In Monrovia the UN envoy for Liberia, Jacques Klein, said yesterday he would ask the Security Council for 15,000 troops to secure the peace. If granted, the deployment would be the UN's largest.
Mr Klein also said he had asked that American forces stay on to train a new Liberian army. "We are hoping the US will take it on," he said.
"The first step of unifying the people starts from today," said General Abdulsalami Abubakar, the former Nigerian leader who has been mediating. "Do not let your people down."
Under the terms of the agreement, Taylor's designated successor, the former vice-president Moses Blah, is to hand over power to the interim government in October.
Liberia's combatants chose the interim leaders from a list of nominees submitted by political parties and civic groups. Mr Bryant, whose nomination was announced just before dawn yesterday, was seen as the strongest consensus-builder among the candidates for the chairmanship.
"Liberians need a neutralist and I believe I am a neutralist.
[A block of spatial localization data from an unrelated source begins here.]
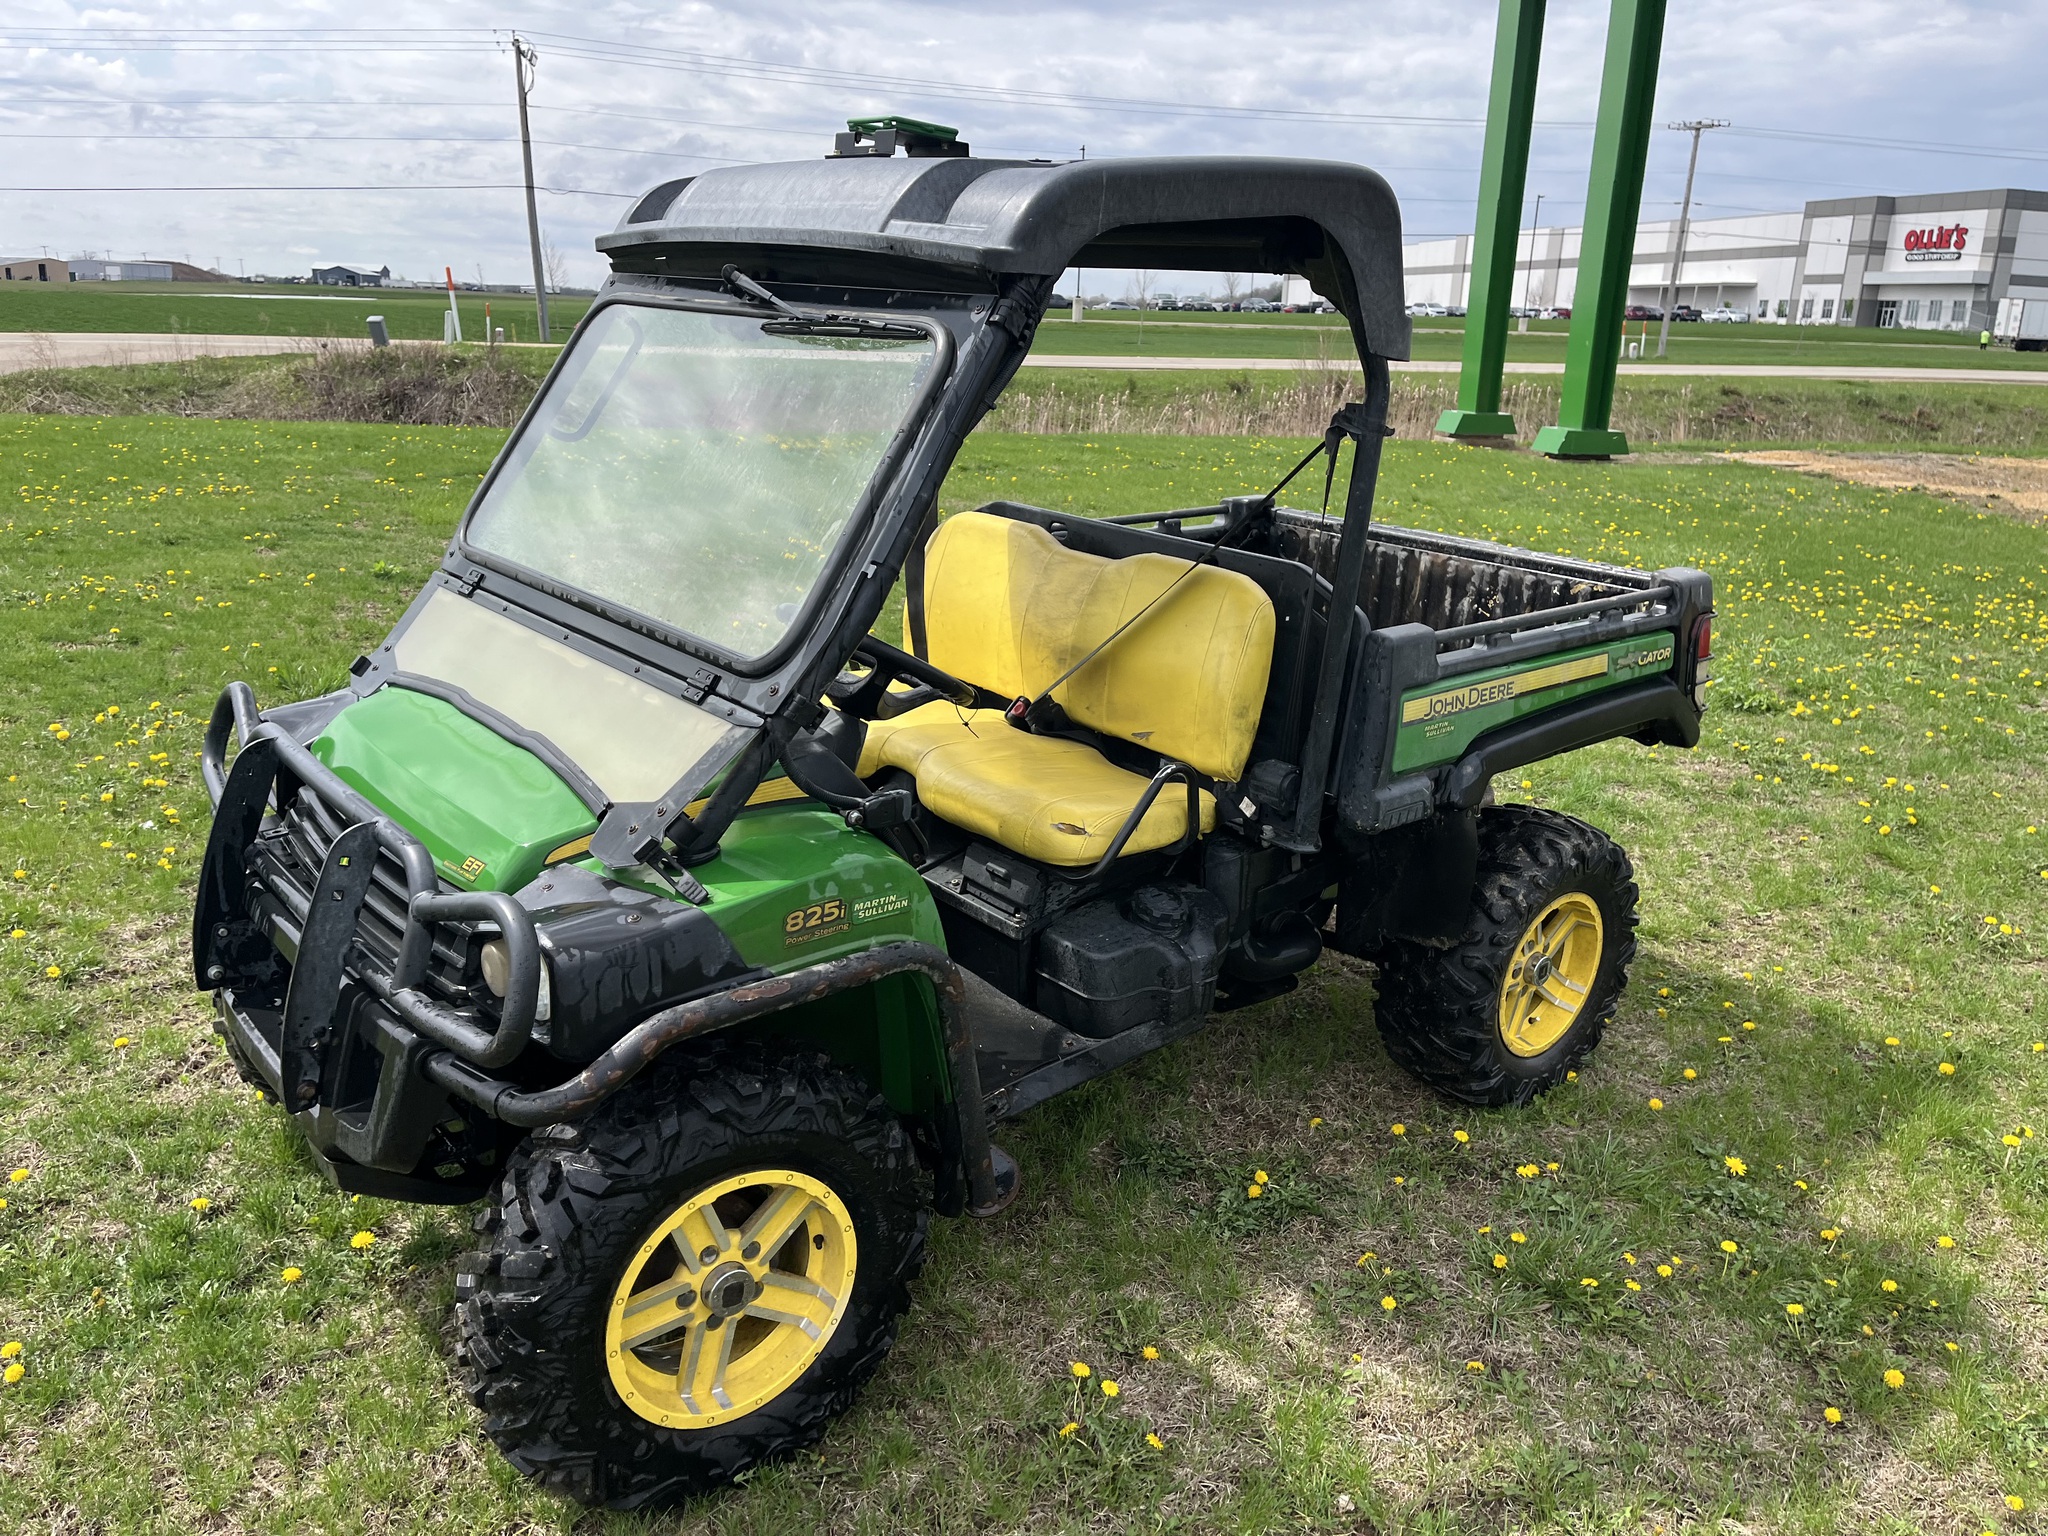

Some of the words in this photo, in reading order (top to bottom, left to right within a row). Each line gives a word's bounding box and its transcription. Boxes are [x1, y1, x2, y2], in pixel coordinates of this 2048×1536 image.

[1904, 223, 1969, 251] OLLIE'S
[1637, 647, 1672, 666] GATOR
[1423, 693, 1466, 719] JOHN
[1468, 681, 1515, 706] DEERE
[1424, 721, 1450, 732] MARTIN
[461, 856, 486, 876] EFI
[854, 894, 898, 911] MARTIN
[858, 899, 909, 919] SULLIVAN
[785, 900, 846, 932] 825i
[785, 933, 812, 946] Power
[814, 923, 850, 938] Steering
I have lived there throughout all these problems, and I see myself as a healer," Mr Bryant said, pledging to work closely with the UN and other international agencies in the two-year transitional government, whose aim is to lead Liberia out of 14 years of bloodshed and into free elections.
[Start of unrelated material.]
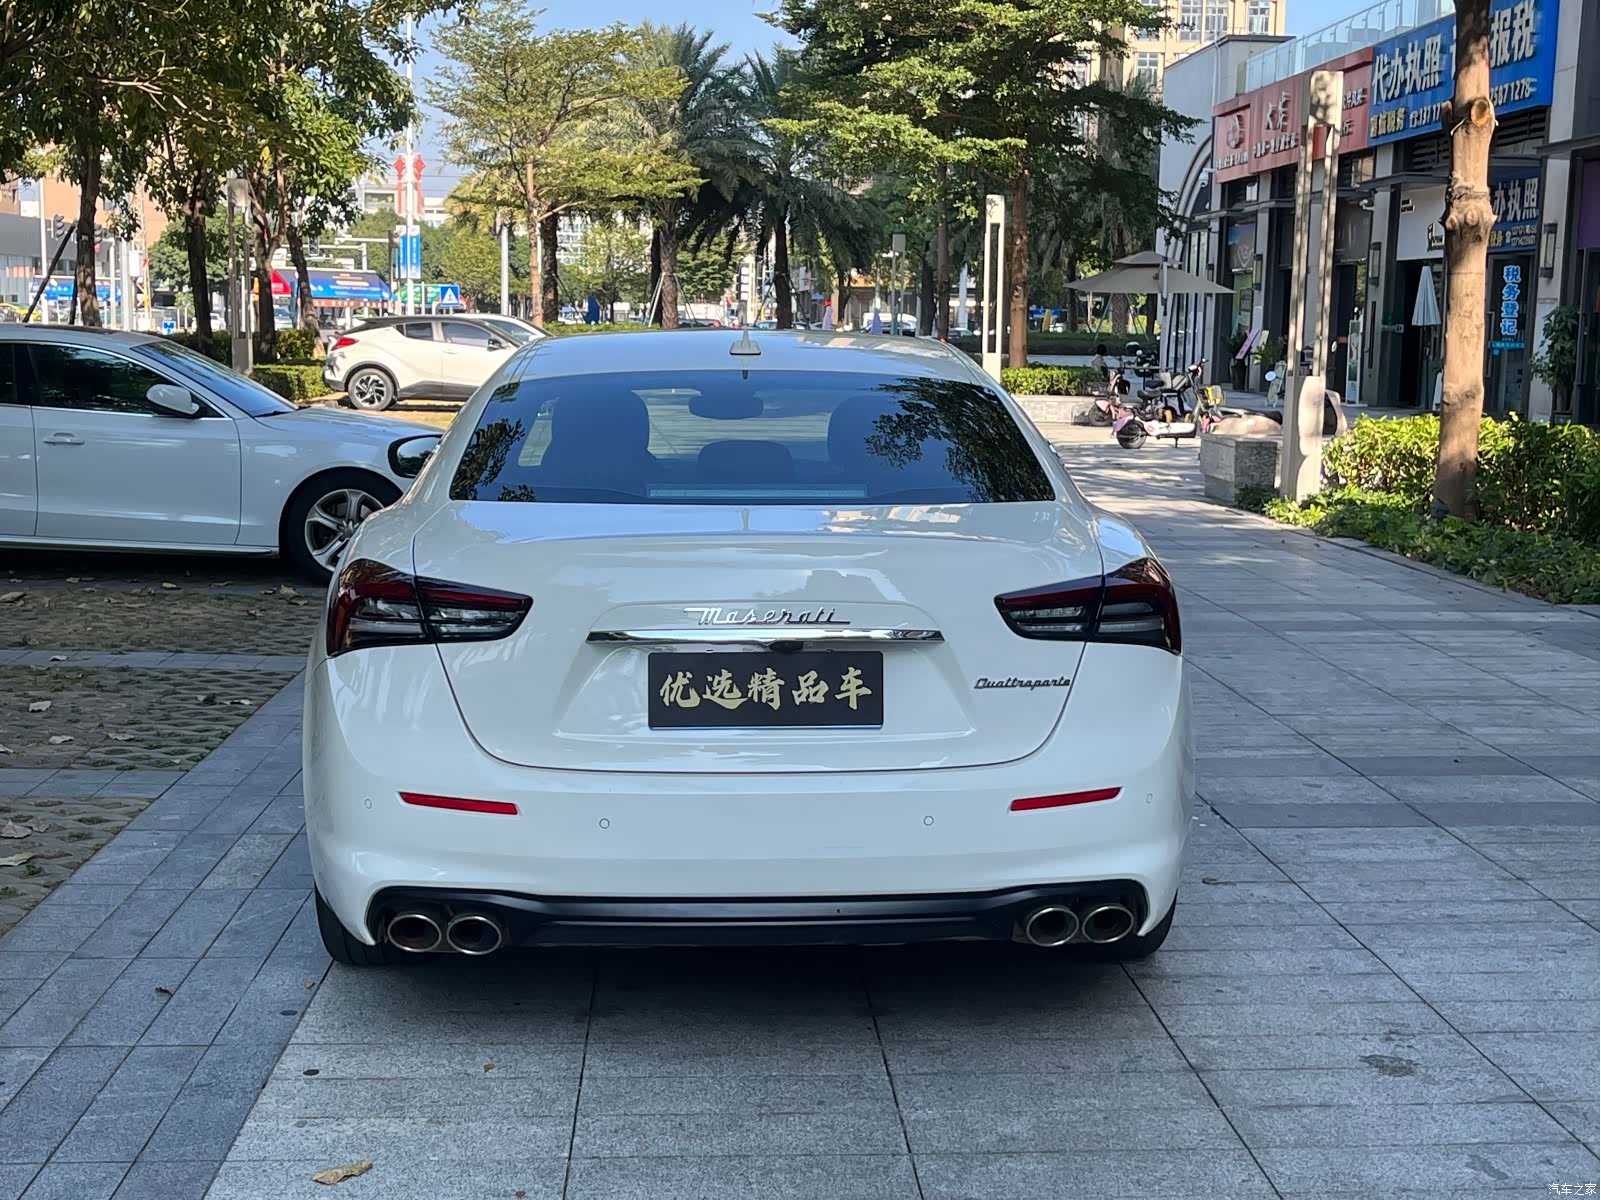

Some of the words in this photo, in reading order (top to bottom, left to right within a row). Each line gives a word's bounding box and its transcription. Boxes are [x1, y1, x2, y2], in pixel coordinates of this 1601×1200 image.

His priorities include demobilising fighters, many of them boys who grew up with AK-47s. "We have to disarm these young men, and let them know the war is over," he said. Other priorities are restoring order and basic services such as electricity, which was destroyed by fighting in 1992.
Although not prominent, Mr Bryant has been influential in Liberian politics at times. In 1997, he united six political parties in an unsuccessful bid to block Taylor from winning the presidency after the devastating 1989-96 civil war launched by the warlord.
The transitional government itself is to yield to an elected government in 2005.
The talks, which opened in Accra on 4 June, brought warring sides together as a result of pressure from West African countries, the UN, the United States and European Union.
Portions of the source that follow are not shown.